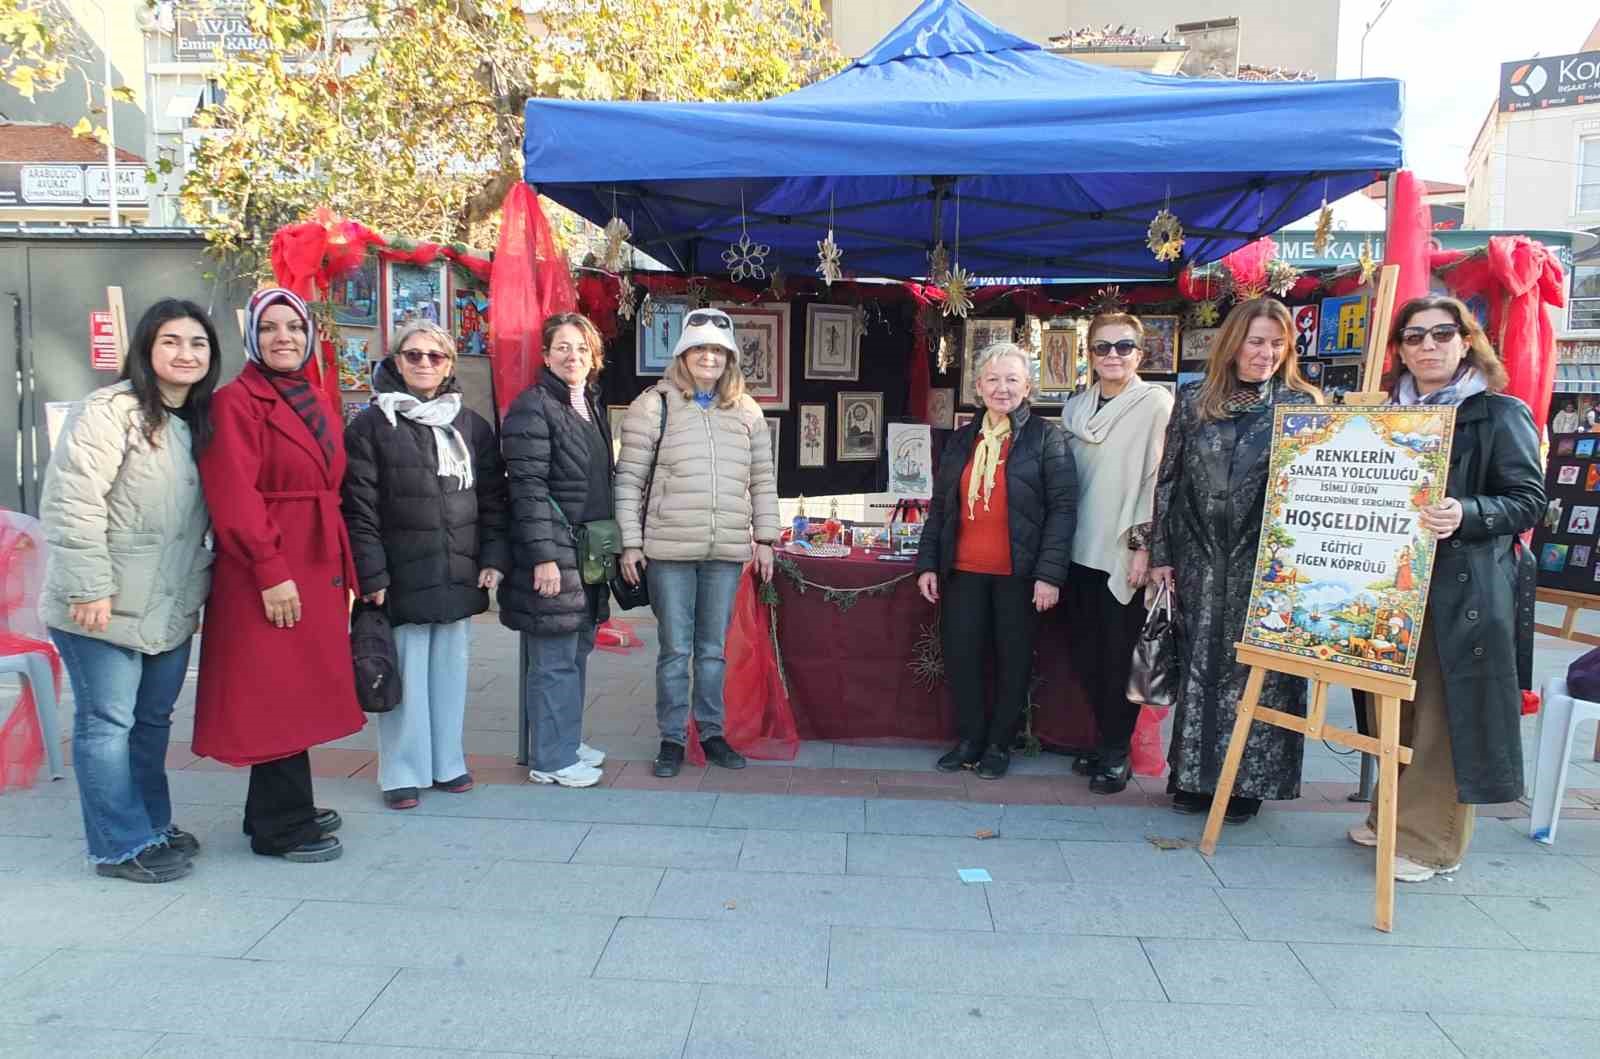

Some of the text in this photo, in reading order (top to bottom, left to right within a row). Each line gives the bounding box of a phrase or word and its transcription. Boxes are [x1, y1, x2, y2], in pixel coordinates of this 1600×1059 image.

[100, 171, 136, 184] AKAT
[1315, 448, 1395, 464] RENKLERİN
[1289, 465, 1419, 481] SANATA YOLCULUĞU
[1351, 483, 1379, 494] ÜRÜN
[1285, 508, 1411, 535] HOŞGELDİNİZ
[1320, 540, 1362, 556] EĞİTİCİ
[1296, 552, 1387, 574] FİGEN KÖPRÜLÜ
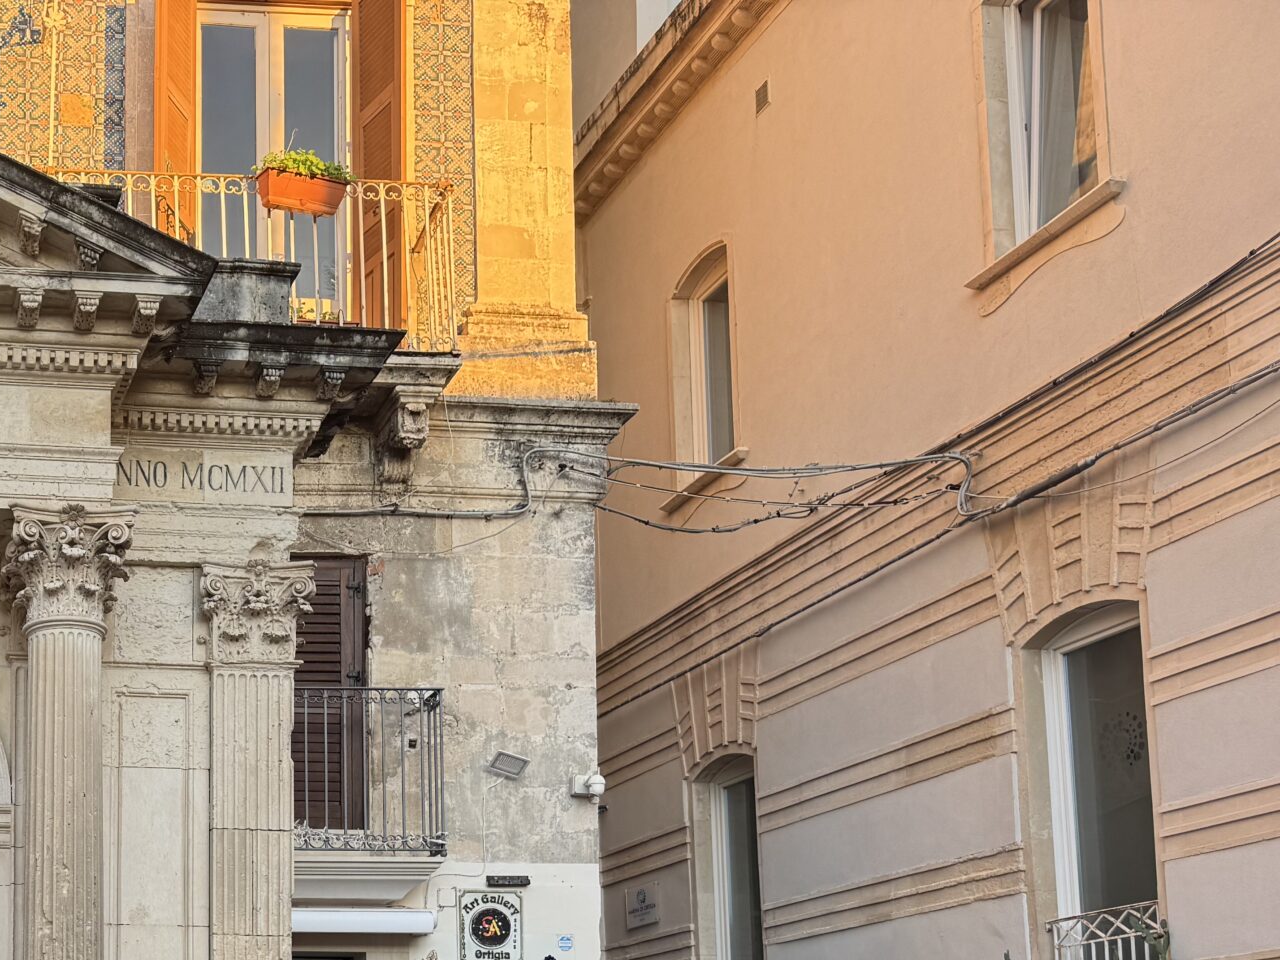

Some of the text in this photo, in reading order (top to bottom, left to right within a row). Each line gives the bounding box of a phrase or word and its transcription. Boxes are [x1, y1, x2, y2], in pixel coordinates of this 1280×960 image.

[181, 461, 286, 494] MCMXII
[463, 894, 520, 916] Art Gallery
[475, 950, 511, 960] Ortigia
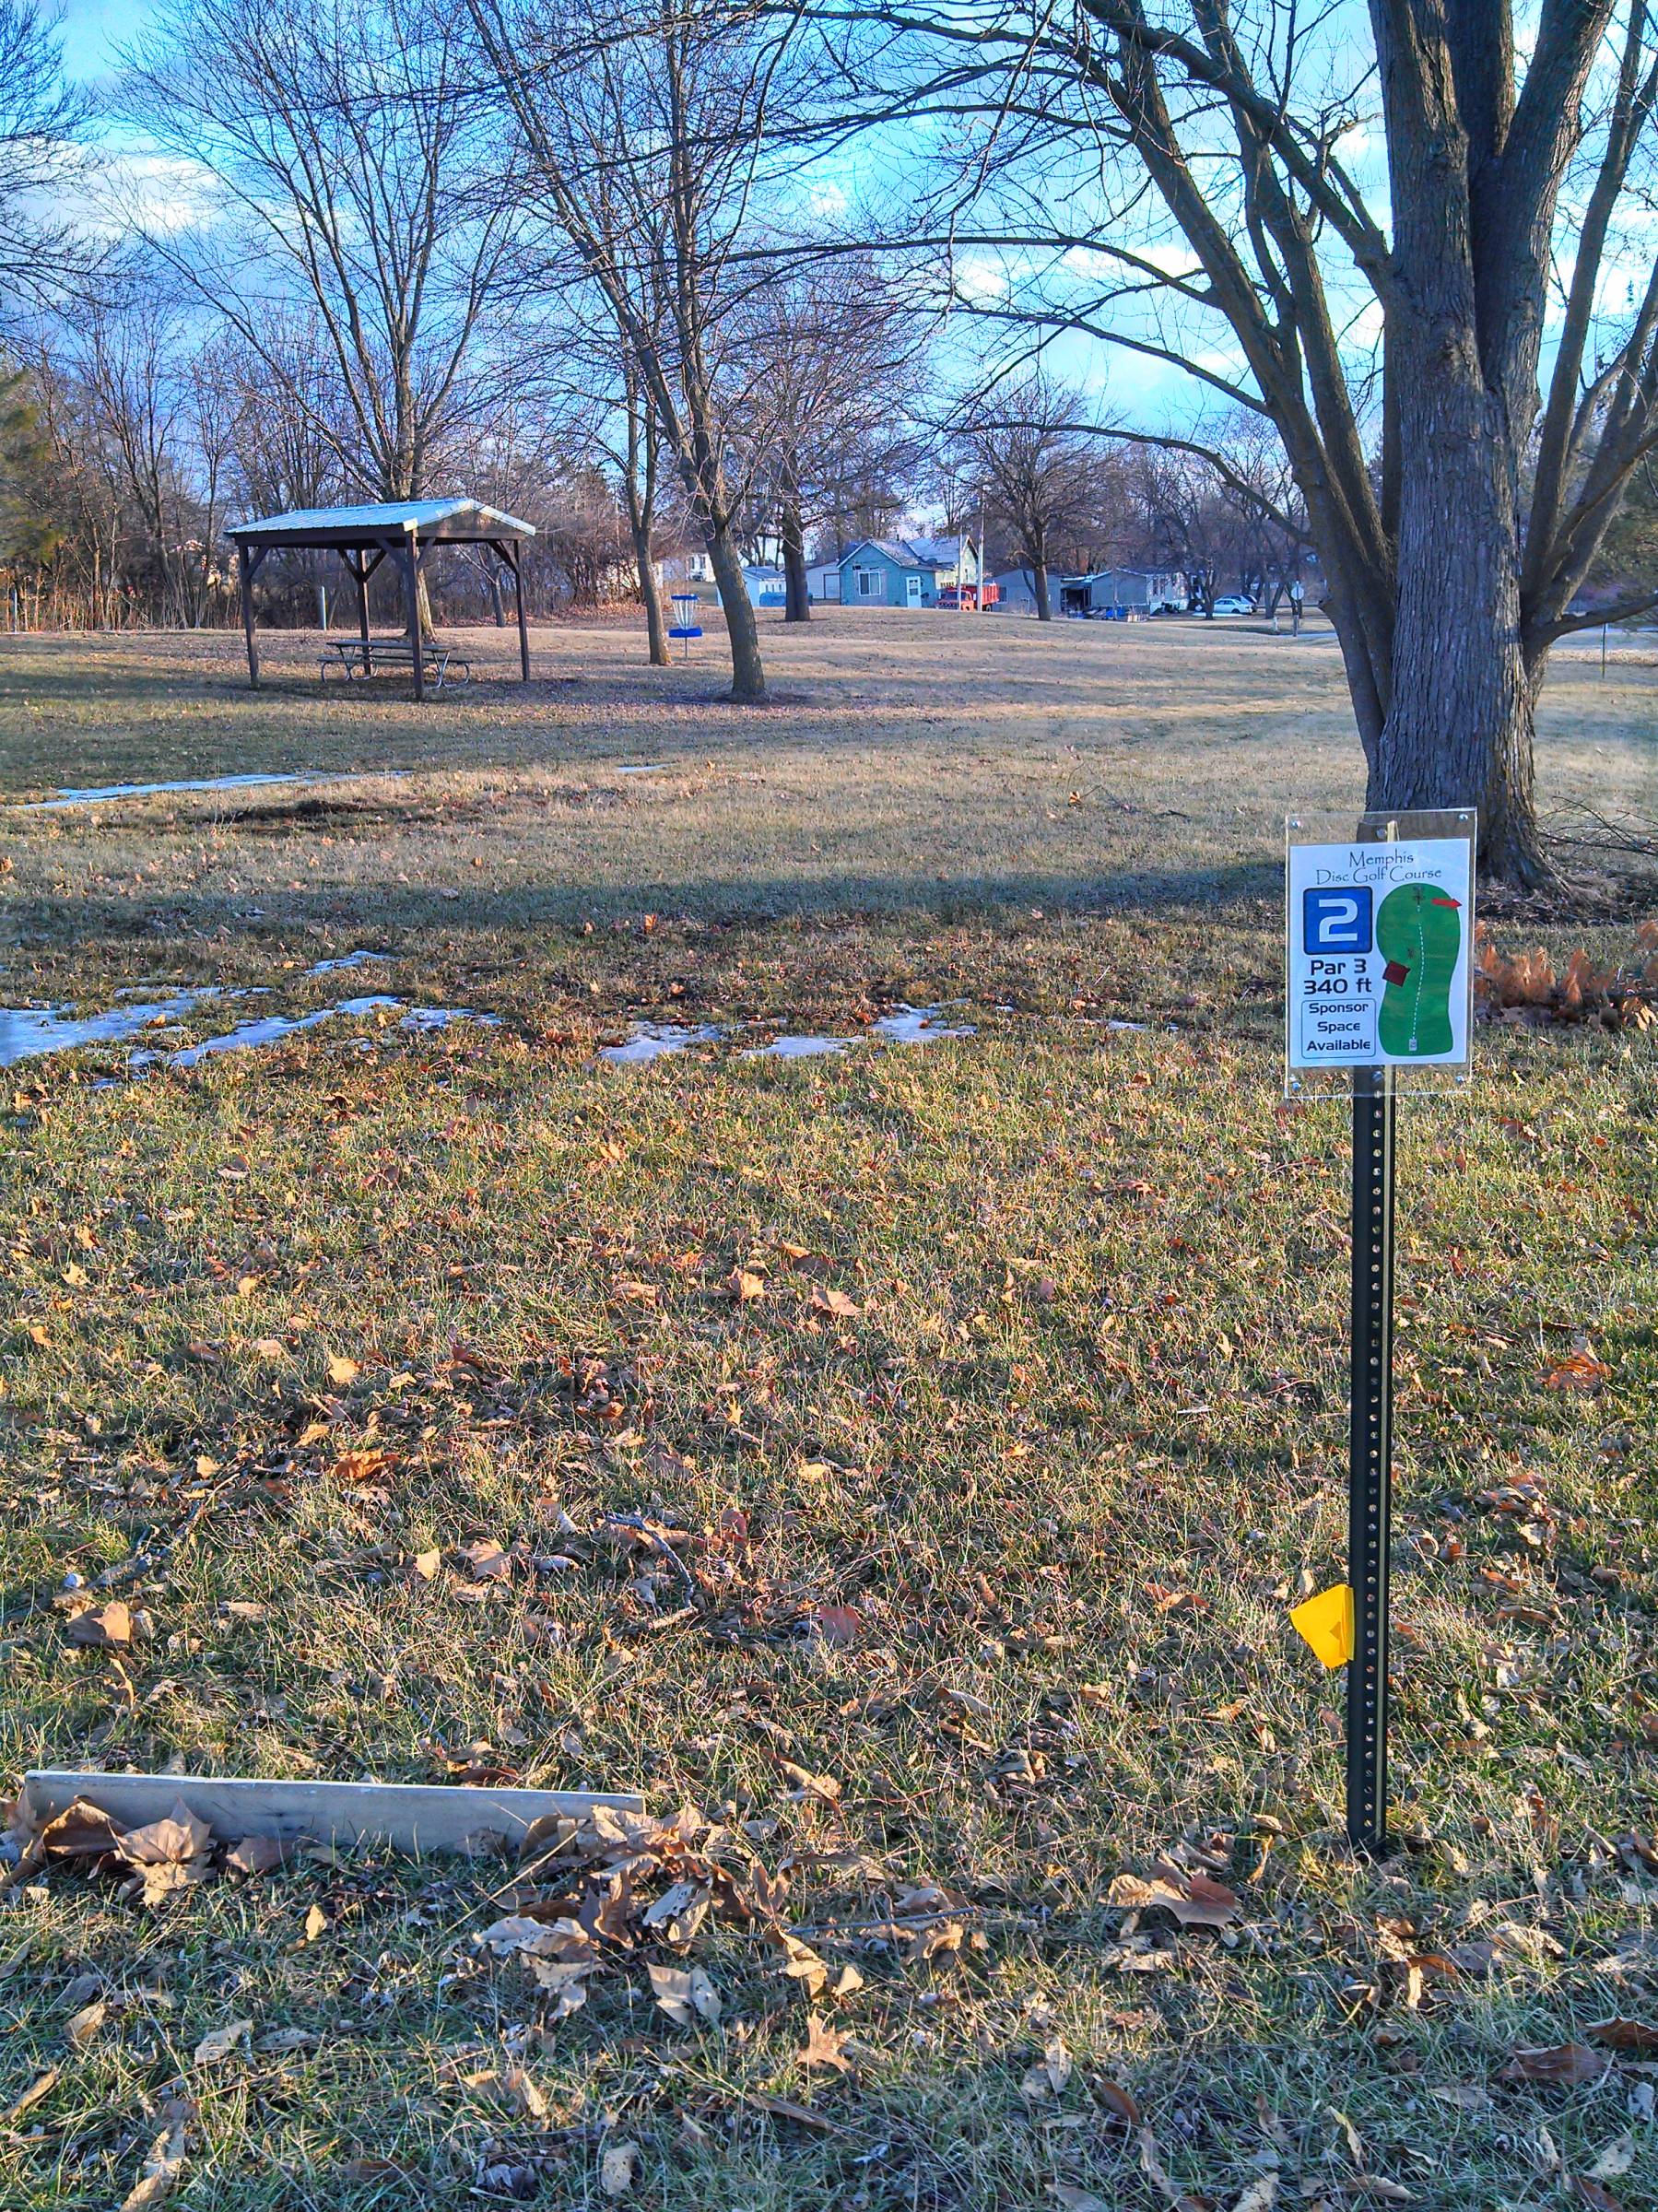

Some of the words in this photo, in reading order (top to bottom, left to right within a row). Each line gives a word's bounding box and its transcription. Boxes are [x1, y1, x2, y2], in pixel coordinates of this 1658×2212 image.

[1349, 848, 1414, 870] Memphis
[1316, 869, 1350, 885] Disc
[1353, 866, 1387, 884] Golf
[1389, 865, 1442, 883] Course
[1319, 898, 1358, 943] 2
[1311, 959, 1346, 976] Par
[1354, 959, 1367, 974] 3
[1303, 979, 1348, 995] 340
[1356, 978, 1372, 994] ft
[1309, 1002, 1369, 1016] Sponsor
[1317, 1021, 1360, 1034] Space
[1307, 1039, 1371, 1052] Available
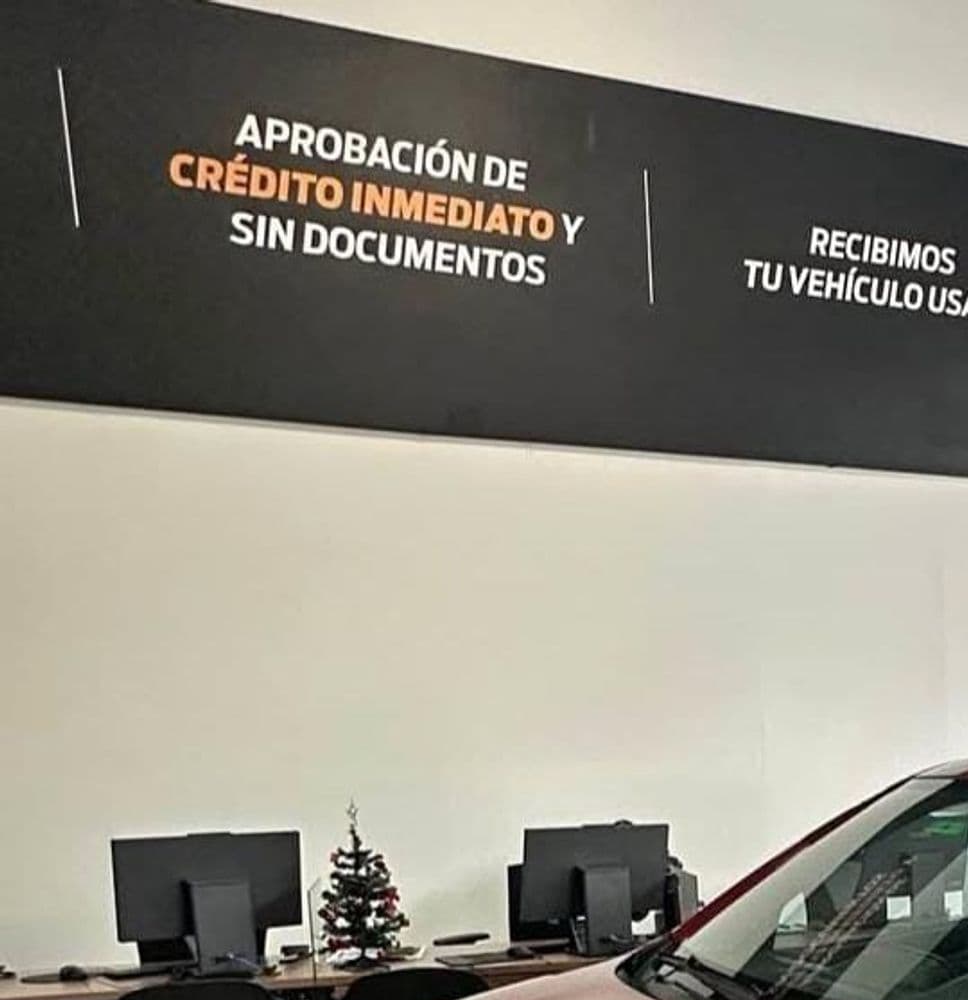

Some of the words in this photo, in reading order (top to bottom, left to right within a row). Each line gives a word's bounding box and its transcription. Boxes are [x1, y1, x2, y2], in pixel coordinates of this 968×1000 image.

*****

Your goal: What is needed is an exact copy of every record above, minus the images.

Output of the exercise:
Some of the text in this photo, in reading order (top to bottom, left to right within a row). Each line gives the bounding box of a phrase or word and its transcription. Boxes are [x1, y1, x2, y2], in pixel coordinates of this 1600×1059 image.

[100, 171, 136, 184] AKAT
[1315, 448, 1395, 464] RENKLERİN
[1289, 465, 1419, 481] SANATA YOLCULUĞU
[1351, 483, 1379, 494] ÜRÜN
[1285, 508, 1411, 535] HOŞGELDİNİZ
[1320, 540, 1362, 556] EĞİTİCİ
[1296, 552, 1387, 574] FİGEN KÖPRÜLÜ

Some of the text in this photo, in reading order (top to bottom, left to right within a row). Each line gives the bounding box of a phrase or word and its transcription. Boxes are [x1, y1, x2, y2], in pixel coordinates of this 1280×960 image.

[181, 461, 286, 494] MCMXII
[463, 894, 520, 916] Art Gallery
[475, 950, 511, 960] Ortigia

Some of the words in this photo, in reading order (top to bottom, left to right within a row). Each line gives a word's bounding box and its transcription. Boxes are [x1, y1, x2, y2], in pixel coordinates of this 1658×2212 image.

[1349, 848, 1414, 870] Memphis
[1316, 869, 1350, 885] Disc
[1353, 866, 1387, 884] Golf
[1389, 865, 1442, 883] Course
[1319, 898, 1358, 943] 2
[1311, 959, 1346, 976] Par
[1354, 959, 1367, 974] 3
[1303, 979, 1348, 995] 340
[1356, 978, 1372, 994] ft
[1309, 1002, 1369, 1016] Sponsor
[1317, 1021, 1360, 1034] Space
[1307, 1039, 1371, 1052] Available

Some of the words in this photo, in reading order (top to bottom, left to right within a row). Each line gives a word's bounding box and its transcription. Boxes are [x1, y1, x2, y2], in pixel coordinates of this 968×1000 image.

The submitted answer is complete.